• À l'affût des coquilles

    « Elle était toujours en grand deuil, un deuil austère s'il en fût. »
    (Pierre Benoît, dans son roman Seigneur, j'ai tout prévu...)

    « Je venais d'être nommé dans les Landes à un poste de confiance s'il en fût. »
    (Pierre Benoît, dans son roman L'Oiseau des ruines) 

     

      FlècheCe que j'en pense


    De deux choses l'une : ou bien l'académicien Pierre Benoît était définitivement fâché avec la conjugaison ou bien la maison d'édition Flammarion accumule les fautes typographiques. Toujours est-il que ce passé simple de l'indicatif (fut) est pris plus souvent qu'à son tour pour un imparfait du subjonctif (fût, avec son u dûment chapeauté).
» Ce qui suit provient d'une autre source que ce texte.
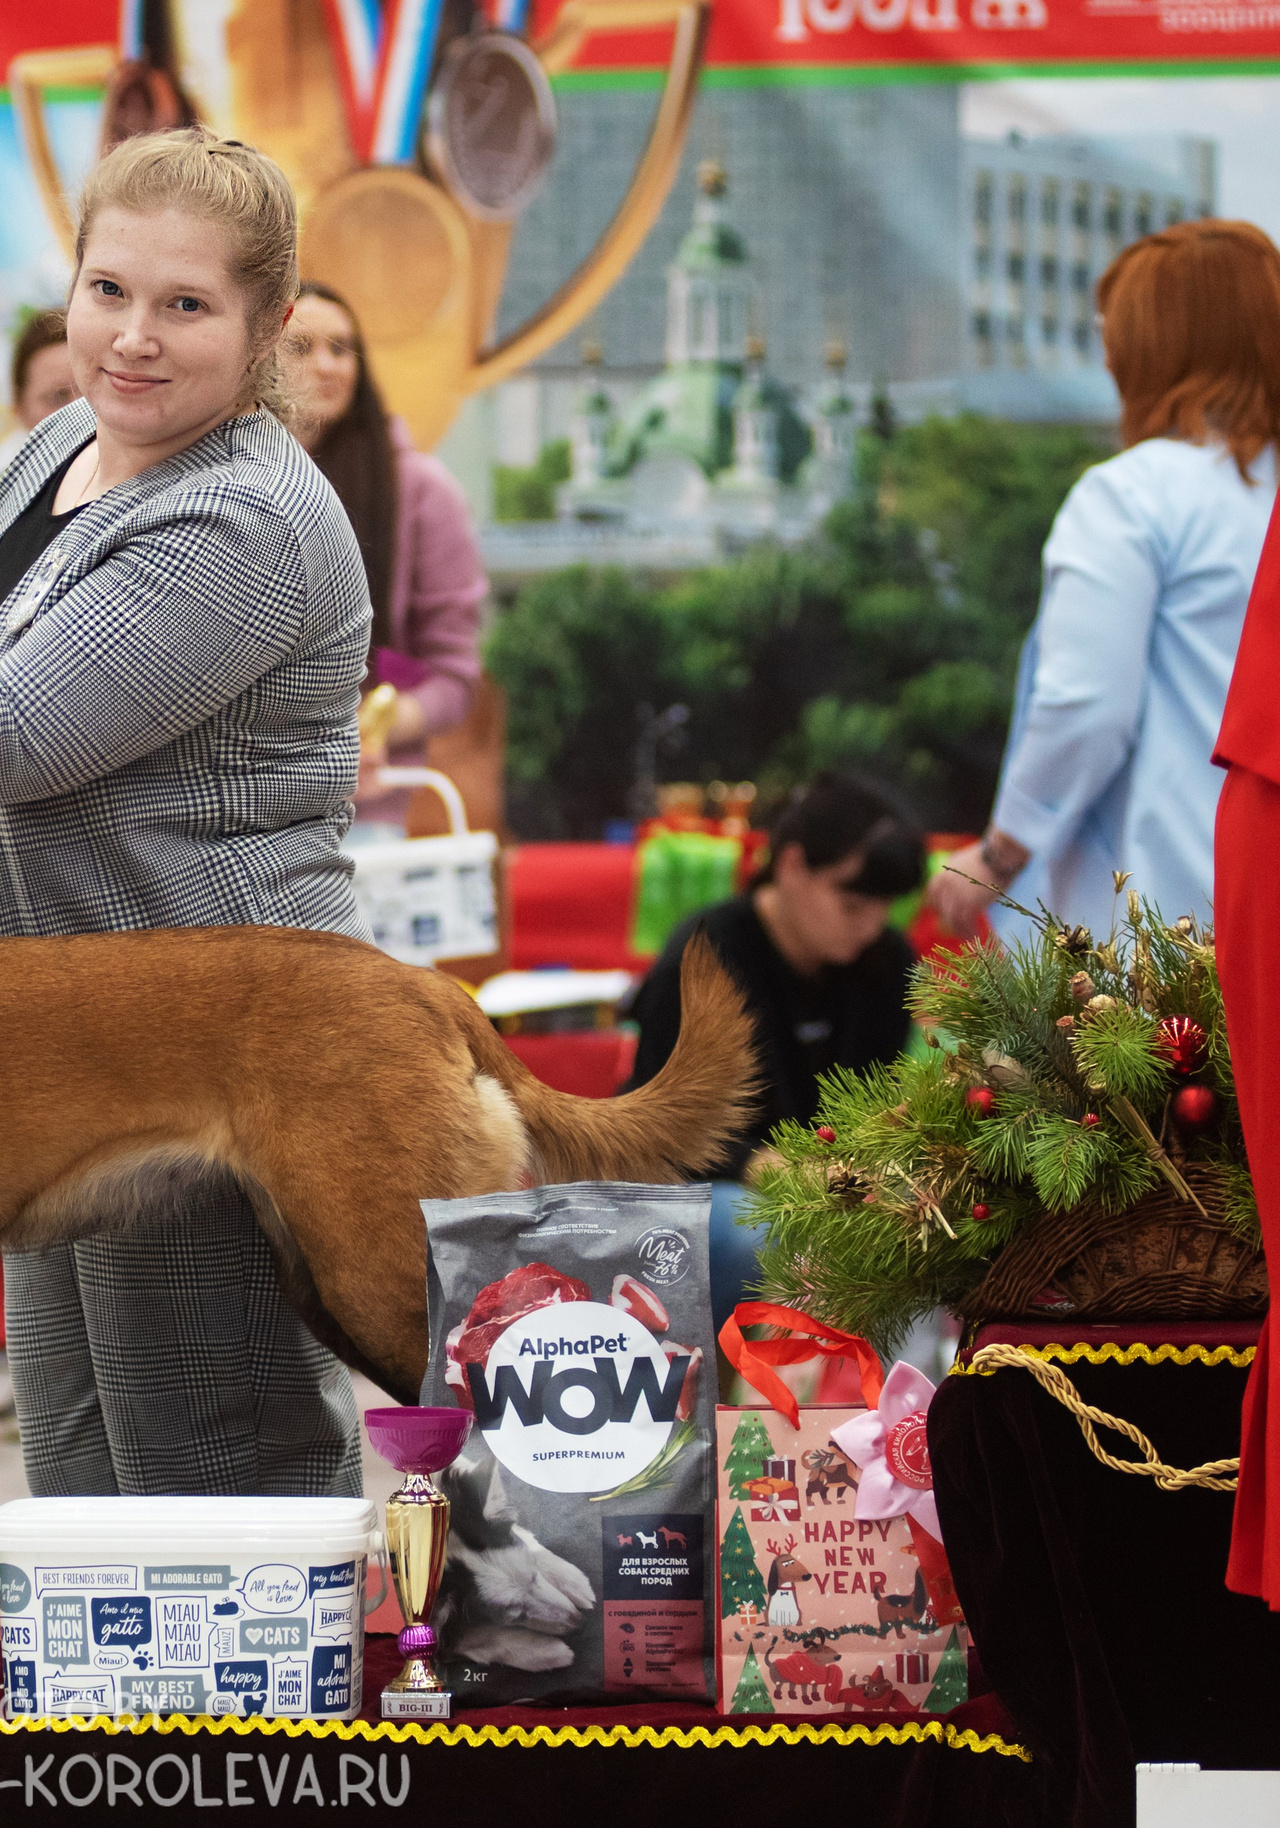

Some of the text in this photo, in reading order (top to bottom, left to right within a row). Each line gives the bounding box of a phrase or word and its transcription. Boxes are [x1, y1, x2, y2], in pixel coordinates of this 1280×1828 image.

[638, 1236, 685, 1264] Meat
[519, 1333, 627, 1360] AlphaPet
[466, 1355, 692, 1436] WOW
[532, 1450, 626, 1462] SUPERPREMIUM
[804, 1520, 892, 1543] HAPPY
[622, 1557, 688, 1567] ДЛЯ ВЗРОСЛЫХ
[824, 1546, 875, 1567] NEW
[42, 1573, 130, 1585] BEST FRIENDS FOREVER
[151, 1573, 223, 1584] MI ADORABLE GATO
[619, 1567, 690, 1577] СОБАК СРЕДНИХ
[250, 1580, 300, 1594] All you feed
[641, 1577, 673, 1586] ПОРОД
[813, 1571, 887, 1595] YEAR
[275, 1591, 293, 1603] love
[100, 1603, 118, 1615] Amo
[163, 1604, 200, 1622] MIAU
[614, 1609, 657, 1618] говядиной
[321, 1611, 345, 1624] HAPPY
[4, 1626, 31, 1645] CATS
[47, 1619, 83, 1640] MON
[101, 1615, 145, 1645] gatto
[164, 1623, 201, 1642] MIAU
[264, 1627, 300, 1645] CATS
[48, 1640, 83, 1658] CHAT
[222, 1631, 231, 1654] MAUZ
[165, 1643, 202, 1662] MIAU
[98, 1657, 123, 1665] Miau!
[334, 1653, 346, 1669] MI
[15, 1666, 29, 1676] AMO
[221, 1666, 262, 1690] happy
[463, 1668, 488, 1682] 2 кг
[131, 1681, 195, 1693] MY BEST
[278, 1680, 302, 1693] MON
[51, 1688, 106, 1703] HAPPY CAT
[132, 1694, 195, 1710] FRIEND
[278, 1694, 302, 1706] CHAT
[325, 1688, 348, 1706] GATO
[14, 1698, 34, 1709] GATTO
[399, 1703, 433, 1713] BIG-III
Jugez-en plutôt : « Prince heureux, s'il en fût jamais » (Saint-Simon), « Le jeune Adam [...] avait d'abord été destiné par ses parents adoptifs à la garde des troupeaux, poste de confiance, s'il en fût » (Alexandre Dumas), « Gourmand s'il en fût onc » (Adolphe de Leuven), « Spirituel s'il en fût » (Charles Du Bos), « Nul n'y réussit pourtant comme Marcel Proust, Parisien de Paris s'il en fût jamais » (François Mauriac), « Shakespeare, homme de théâtre s'il en fût » (André Maurois). Dans toutes ces phrases, l'accent circonflexe n'a pas lieu d'être − fût-ce décorativement − tant on sait que la conjonction si s'accommode mal du subjonctif quand elle introduit une hypothèse dont la conséquence est réelle (1).
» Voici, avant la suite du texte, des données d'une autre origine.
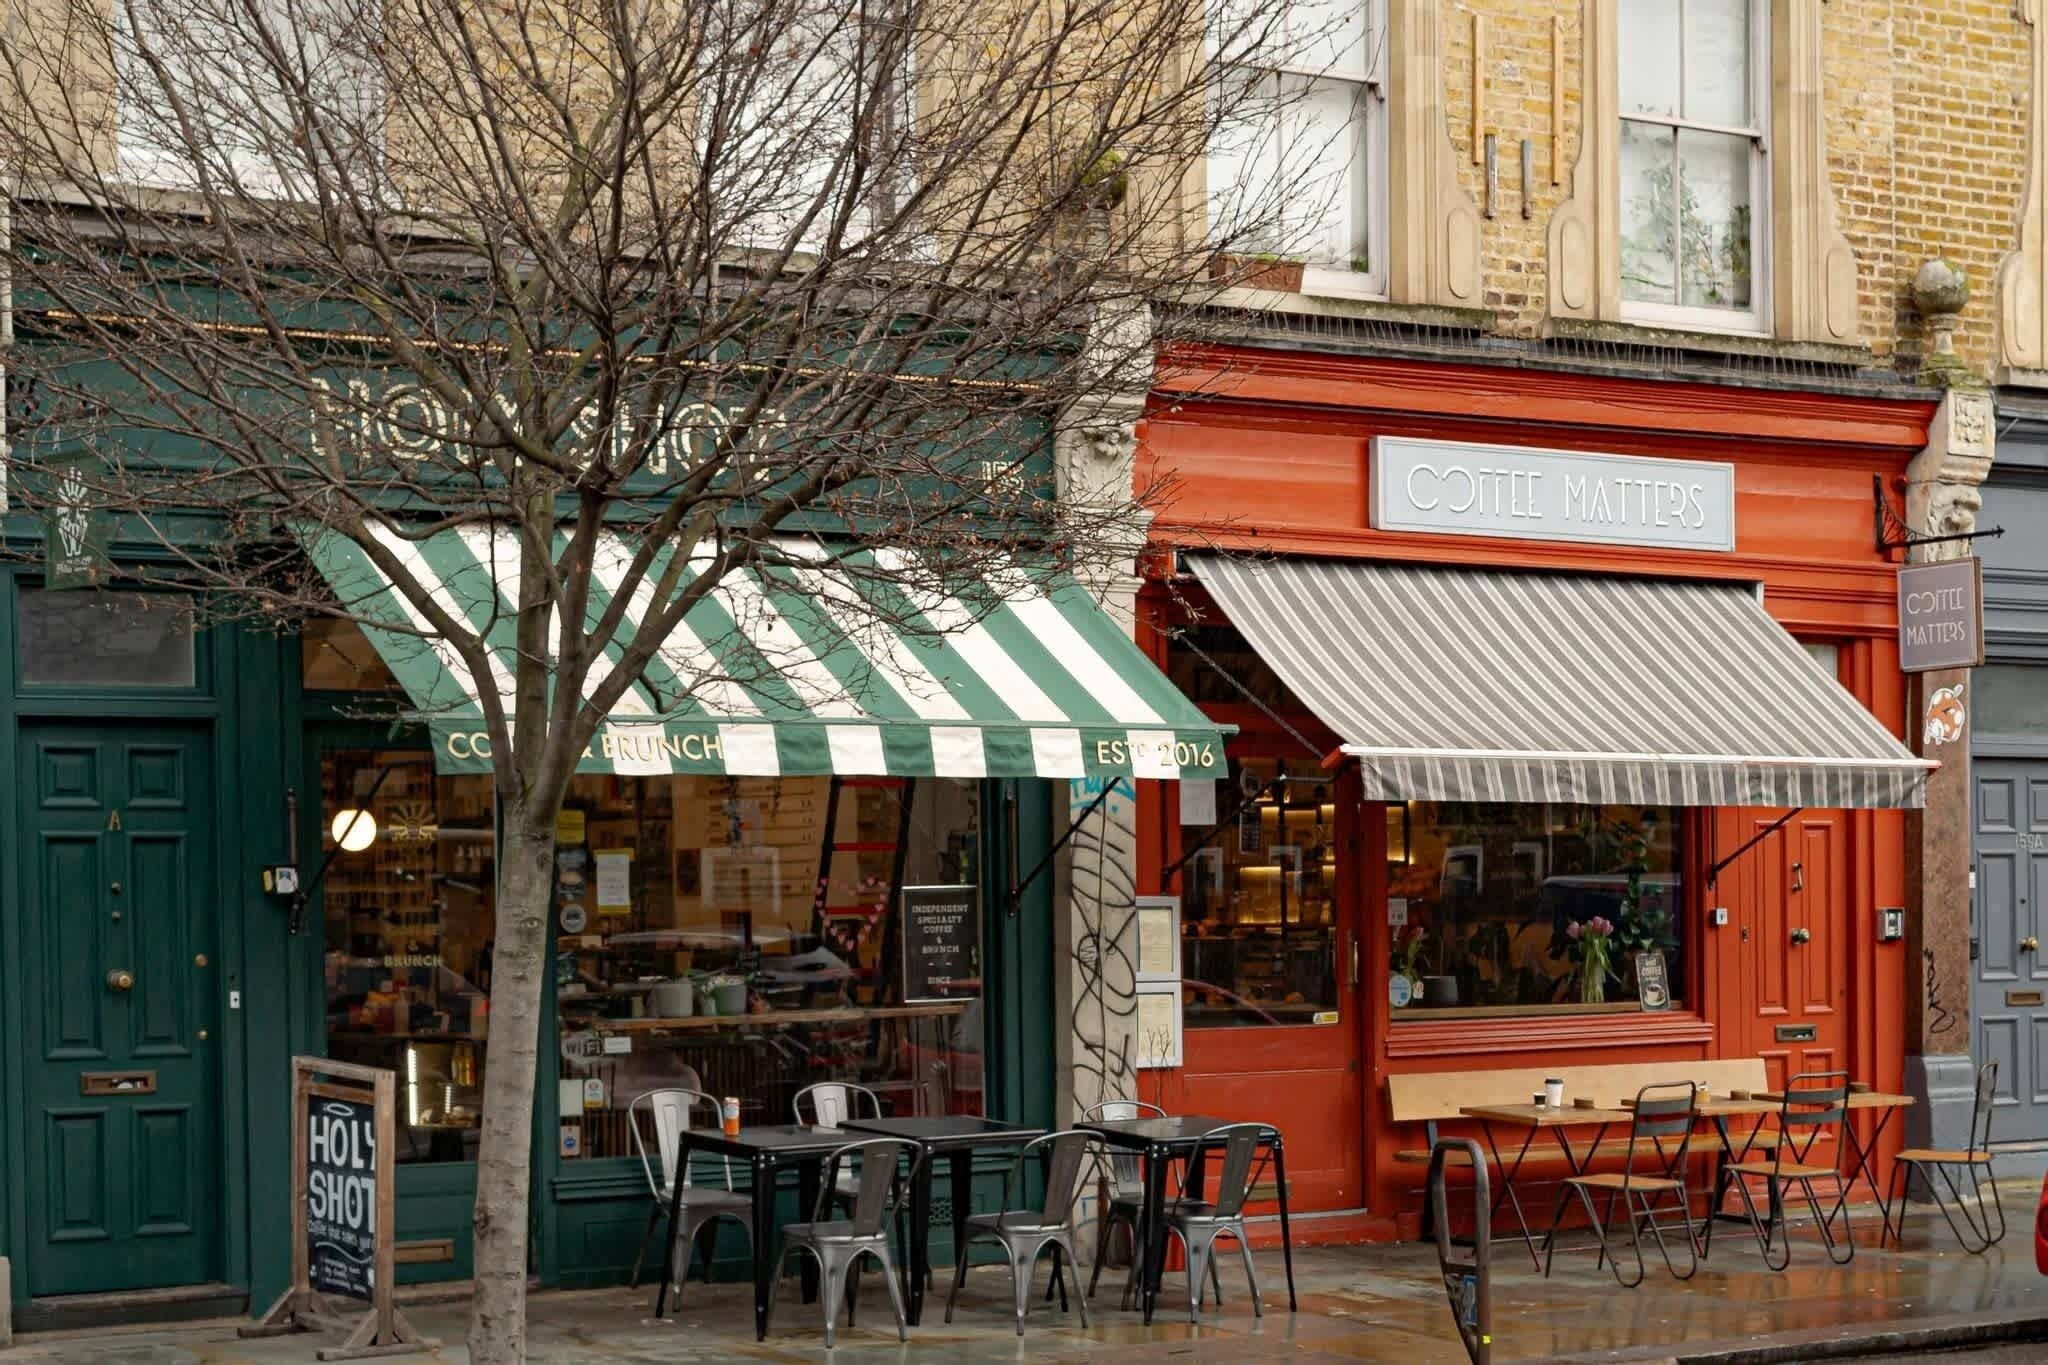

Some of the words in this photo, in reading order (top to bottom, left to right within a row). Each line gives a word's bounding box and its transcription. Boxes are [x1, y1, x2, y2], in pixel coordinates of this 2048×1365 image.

[1407, 462, 1544, 513] COFFEE
[1563, 472, 1706, 529] MATTERS
[1906, 587, 1966, 615] COFFEE
[1906, 620, 1966, 648] MATTERS
[601, 732, 724, 763] BRUNCH
[1157, 741, 1215, 768] 2016
[923, 925, 953, 934] COFFEE
[383, 954, 443, 968] BRUNCH
[922, 946, 959, 954] BRUNCH
[310, 1115, 375, 1171] HOLY
[310, 1169, 375, 1233] SHOT
    À la décharge des contrevenants, reconnaissons que la locution verbale s'il en fut − qui sert à marquer, dans la langue écrite soutenue, un haut degré en insistant sur la rareté de la personne ou de la chose considérées − ne se livre pas aisément à l'analyse. D'abord, il faut avoir conscience que le verbe être est ici employé de façon impersonnelle au sens de « il y a, il existe », comme dans : Il est des hommes que l'on n'oublie jamais. Ensuite, il faut s'aviser que l'on a affaire à une forme elliptique, dont l'expression intégrale pourrait être : « s'il en a existé un, on peut penser que c'est celui-là », d'où « qui est un modèle du genre, comme il n'y en a pas d'autre ». Avec les exemples de Pierre Benoît, cela donne : s'il a existé un deuil qui fut austère, c'est bien celui-là, d'où « un deuil très austère » ; s'il a existé un poste de confiance, c'est bien celui-là, d'où « un poste de confiance comme il n'y en a pas d'autre ».
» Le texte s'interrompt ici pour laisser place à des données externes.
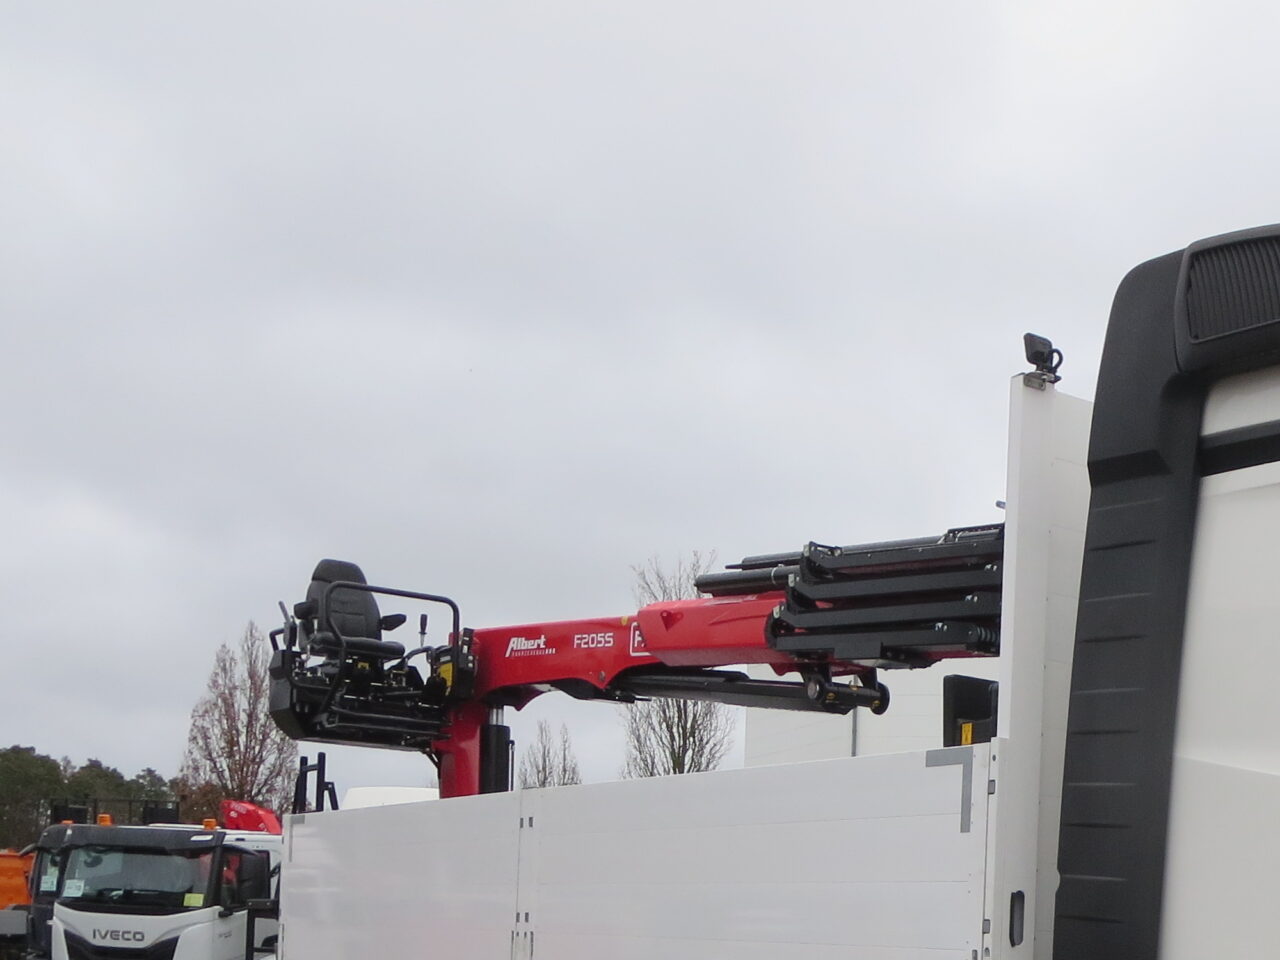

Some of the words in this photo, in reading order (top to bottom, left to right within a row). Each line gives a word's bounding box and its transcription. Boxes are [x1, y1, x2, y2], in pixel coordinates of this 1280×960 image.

[505, 634, 546, 657] Albert
[573, 632, 614, 648] F205S
[92, 928, 145, 942] IVECO
    Vous pensez en avoir terminé avec notre locution ? Il n'en est rien. Dans Syntaxe du français moderne (1968), les Le Bidois père et fils, éminents linguistes s'il en fut, font encore observer qu'« en pareille phrase la forme temporelle du verbe est absolument figée » ; pour preuve, s'il en était besoin, ces exemples trouvés sous des plumes avisées : « Ce mot est barbare, s'il en fut jamais » (Vaugelas), « C'est une farce en politique, s'il en fut jamais » (Rousseau), « C’est un voleur de grand chemin de mes amis, homme d’exécution s’il en fut" » (Stendhal), « Mme de Coursy est une femme d'esprit s'il en fut » (Mérimée), « Campement délicieux s'il en fut, où nous terminons le jour » (Loti), « Swann qui est, d'ailleurs, un garçon d'esprit s'il en fut » (Proust). Quarante ans plus tard, Jean-Paul Jauneau, dans N'écris pas comme tu chattes (2011), n'est pas loin de partager cet avis : « La subordonnée conditionnelle au passé simple s'il en fut peut être précédée d'une principale au présent : Cette femme est une perle, s'il en fut. » Mais voilà, Hanse ne l'entend pas de cette oreille : selon lui, la forme s'il en est, « rarement employé[e] au lieu de s'il en fut en rapport avec un passé » (2), est « obligatoire avec un autre présent » : « C'était un brave homme s'il en fut. C'est un brave homme s'il en est. » Même son de cloche du côté de la neuvième édition du Dictionnaire de l'Académie : « S'il en est, s'il en fut, pour donner valeur superlative. C'est un lettré, s'il en est. C'était un héros, s'il en fut. » (3) On retiendra que, quand le verbe sort de son figement, c'est pour être conjugué au présent, plus rarement à un autre temps de l'indicatif : « La bande noire, bonne œuvre et sainte, s'il en est » (Paul-Louis Courier), « Œuvre entre toutes cartésienne s'il en est » (Charles Du Bos), « Une gourmande s'il en est ! » (Pierre Perret), « Un homme pieux s'il en est » (Gilbert Sinoué), « Qui aurait l'idée, incongrue s'il en est, de provoquer un géant ? » (Yann Moix), à côté de « Ordre impératif, s'il en avait jamais été » (Claude Farrère), « Question stupide s'il en était » (Bertène Juminer), « Invention saugrenue s'il en était » (Pierre Mertens), « Homme de confiance s'il en était » (Serge Moati). Gageons toutefois qu'avec la désaffection actuelle de nos compatriotes pour le passé simple les graphies s'il en est (dans les contextes au présent) et s'il en était (dans les contextes au passé) finiront par s'imposer au détriment du piégeux s'il en fut.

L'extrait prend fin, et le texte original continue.